§ The task
Transcribe every entry exactly, leaving out any pictures.

:::::

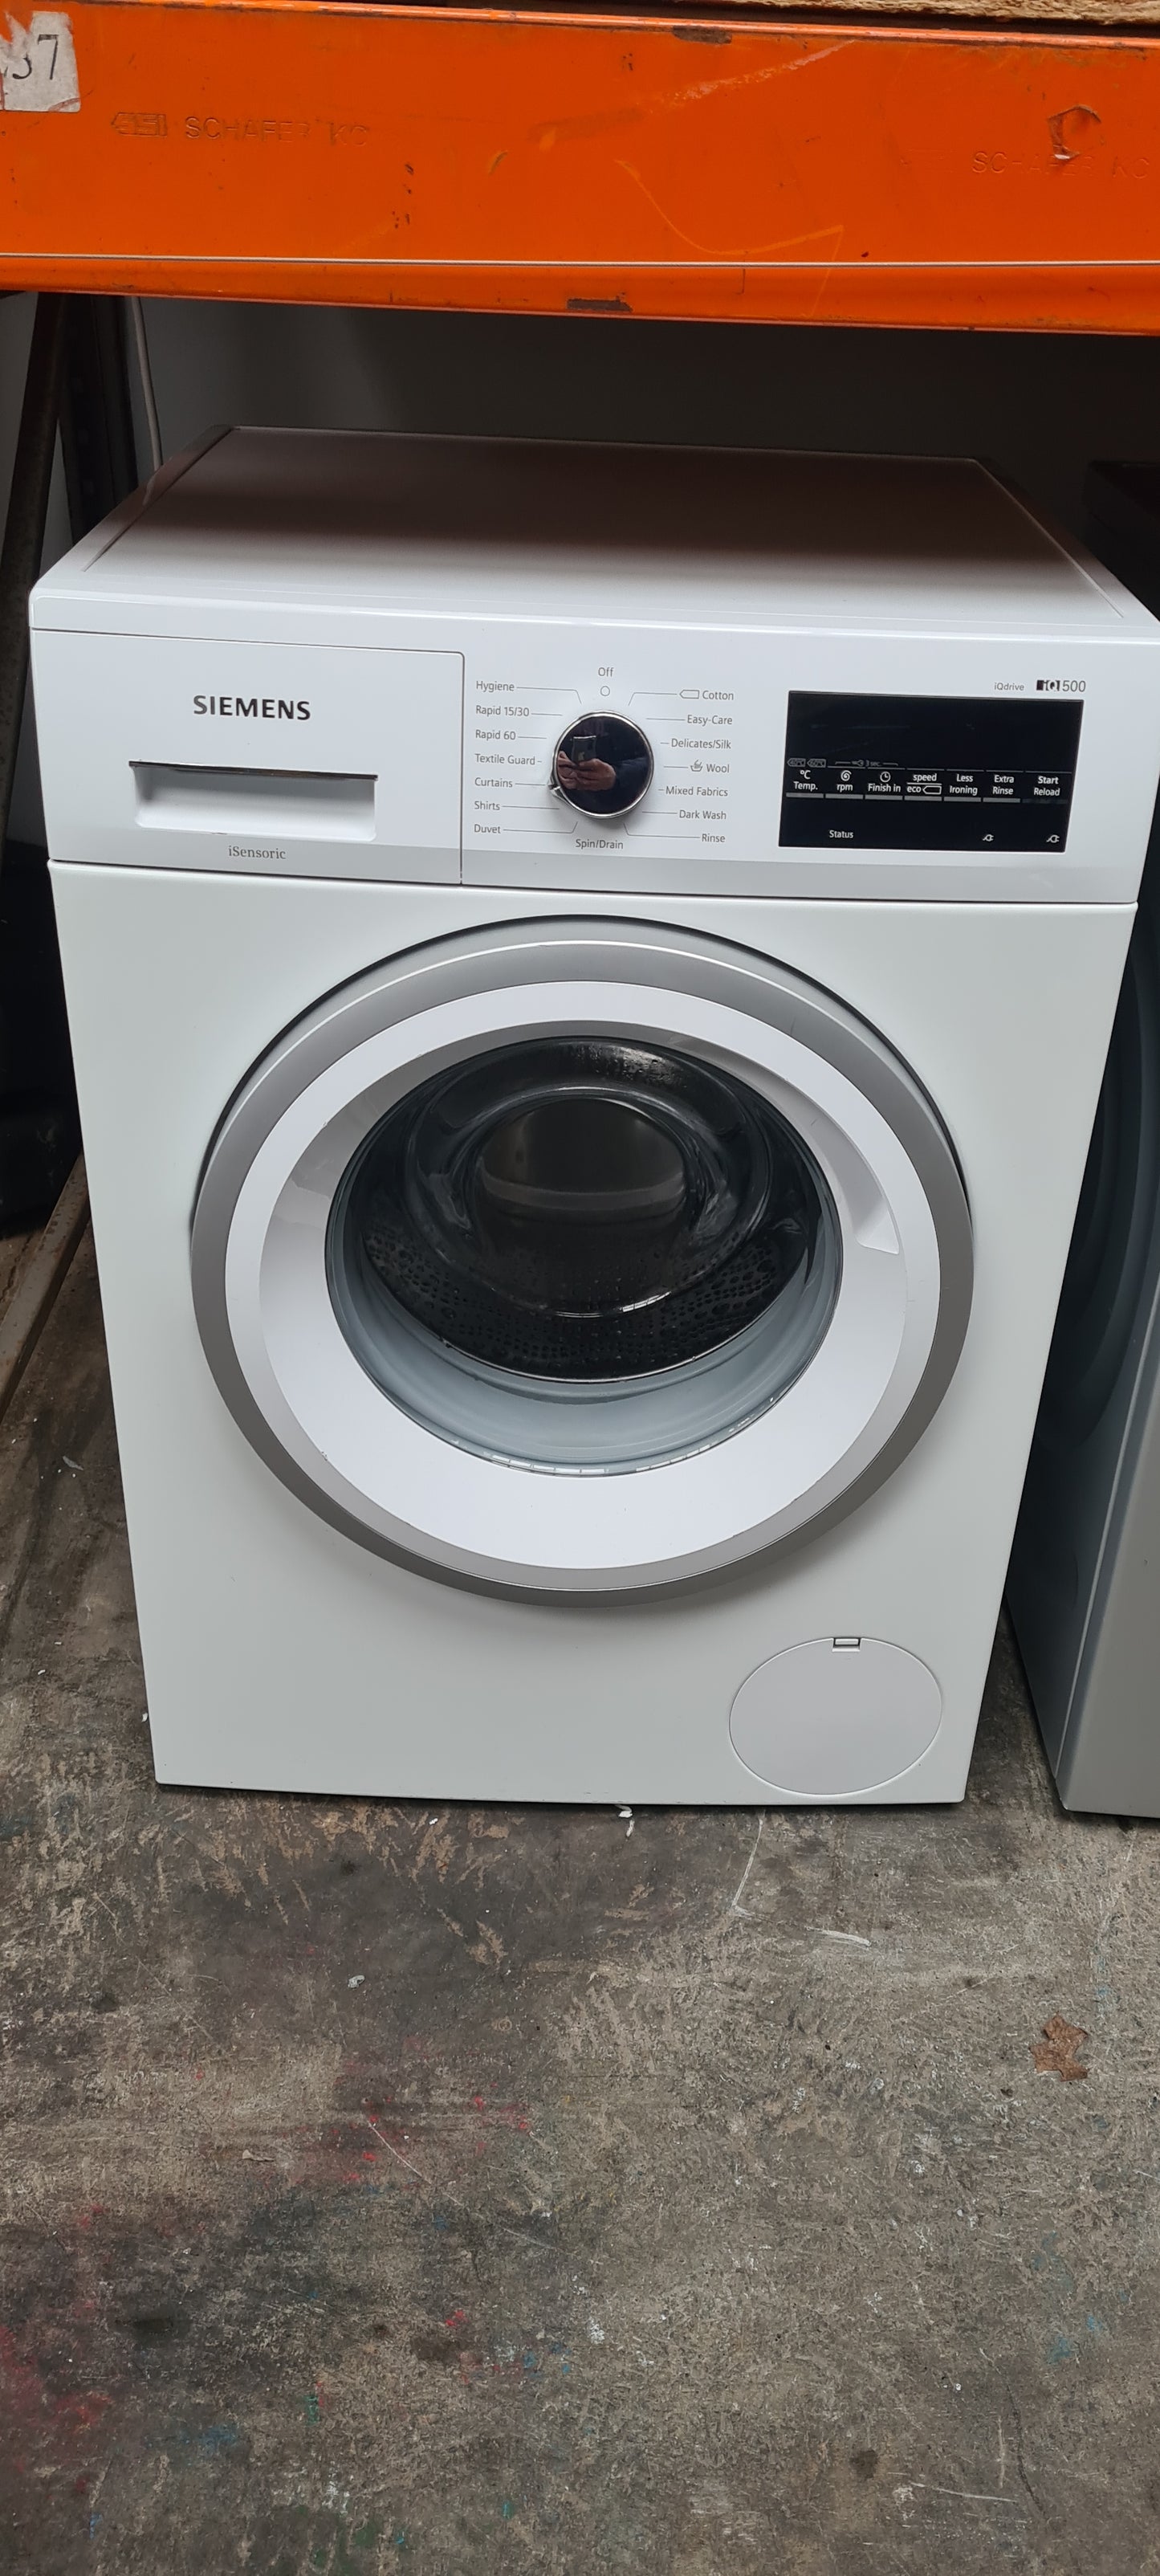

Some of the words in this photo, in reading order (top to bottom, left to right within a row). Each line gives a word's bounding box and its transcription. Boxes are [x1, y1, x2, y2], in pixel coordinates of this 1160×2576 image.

[598, 667, 614, 677] Off
[475, 680, 515, 692] Hygiene
[994, 682, 1024, 691] iQdrive
[1062, 679, 1086, 692] 500
[702, 690, 734, 700] Cotton
[193, 695, 311, 720] SIEMENS
[475, 705, 501, 717] Rapid
[504, 707, 530, 716] 15/30
[687, 714, 733, 727] Easy-Care
[475, 729, 501, 741] Rapid
[503, 731, 516, 740] 60
[671, 738, 731, 749] Delicates/Silk
[475, 753, 505, 764] Textile
[507, 755, 535, 765] Guard
[706, 764, 730, 773] Wool
[474, 777, 513, 788] Curtains
[913, 773, 937, 783] speed
[956, 774, 974, 782] Less
[994, 775, 1014, 784] Extra
[1038, 776, 1059, 785] Start
[665, 786, 694, 796] Mixed
[696, 786, 728, 797] Fabrics
[793, 781, 818, 793] Temp.
[836, 784, 853, 793] rpm
[868, 784, 891, 793] Finish
[893, 785, 902, 793] in
[950, 785, 978, 796] Ironing
[992, 787, 1014, 795] Rinse
[1033, 788, 1060, 797] Reload
[474, 801, 500, 811] Shirts
[679, 810, 700, 819] Dark
[702, 810, 727, 819] Wash
[474, 824, 501, 834] Duvet
[829, 829, 854, 838] Status
[702, 834, 726, 842] Rinse
[576, 839, 624, 850] Spin/Drain
[228, 846, 287, 860] iSensoric

:::::

§ Solution below
Some of the words in this photo, in reading order (top to bottom, left to right within a row). Each line gives a word's bounding box and its transcription. Boxes are [x1, y1, x2, y2], in pixel coordinates of this 1160×2576 image.

[598, 667, 614, 677] Off
[475, 680, 515, 692] Hygiene
[994, 682, 1024, 691] iQdrive
[1062, 679, 1086, 692] 500
[702, 690, 734, 700] Cotton
[193, 695, 311, 720] SIEMENS
[475, 705, 501, 717] Rapid
[504, 707, 530, 716] 15/30
[687, 714, 733, 727] Easy-Care
[475, 729, 501, 741] Rapid
[503, 731, 516, 740] 60
[671, 738, 731, 749] Delicates/Silk
[475, 753, 505, 764] Textile
[507, 755, 535, 765] Guard
[706, 764, 730, 773] Wool
[474, 777, 513, 788] Curtains
[913, 773, 937, 783] speed
[956, 774, 974, 782] Less
[994, 775, 1014, 784] Extra
[1038, 776, 1059, 785] Start
[665, 786, 694, 796] Mixed
[696, 786, 728, 797] Fabrics
[793, 781, 818, 793] Temp.
[836, 784, 853, 793] rpm
[868, 784, 891, 793] Finish
[893, 785, 902, 793] in
[950, 785, 978, 796] Ironing
[992, 787, 1014, 795] Rinse
[1033, 788, 1060, 797] Reload
[474, 801, 500, 811] Shirts
[679, 810, 700, 819] Dark
[702, 810, 727, 819] Wash
[474, 824, 501, 834] Duvet
[829, 829, 854, 838] Status
[702, 834, 726, 842] Rinse
[576, 839, 624, 850] Spin/Drain
[228, 846, 287, 860] iSensoric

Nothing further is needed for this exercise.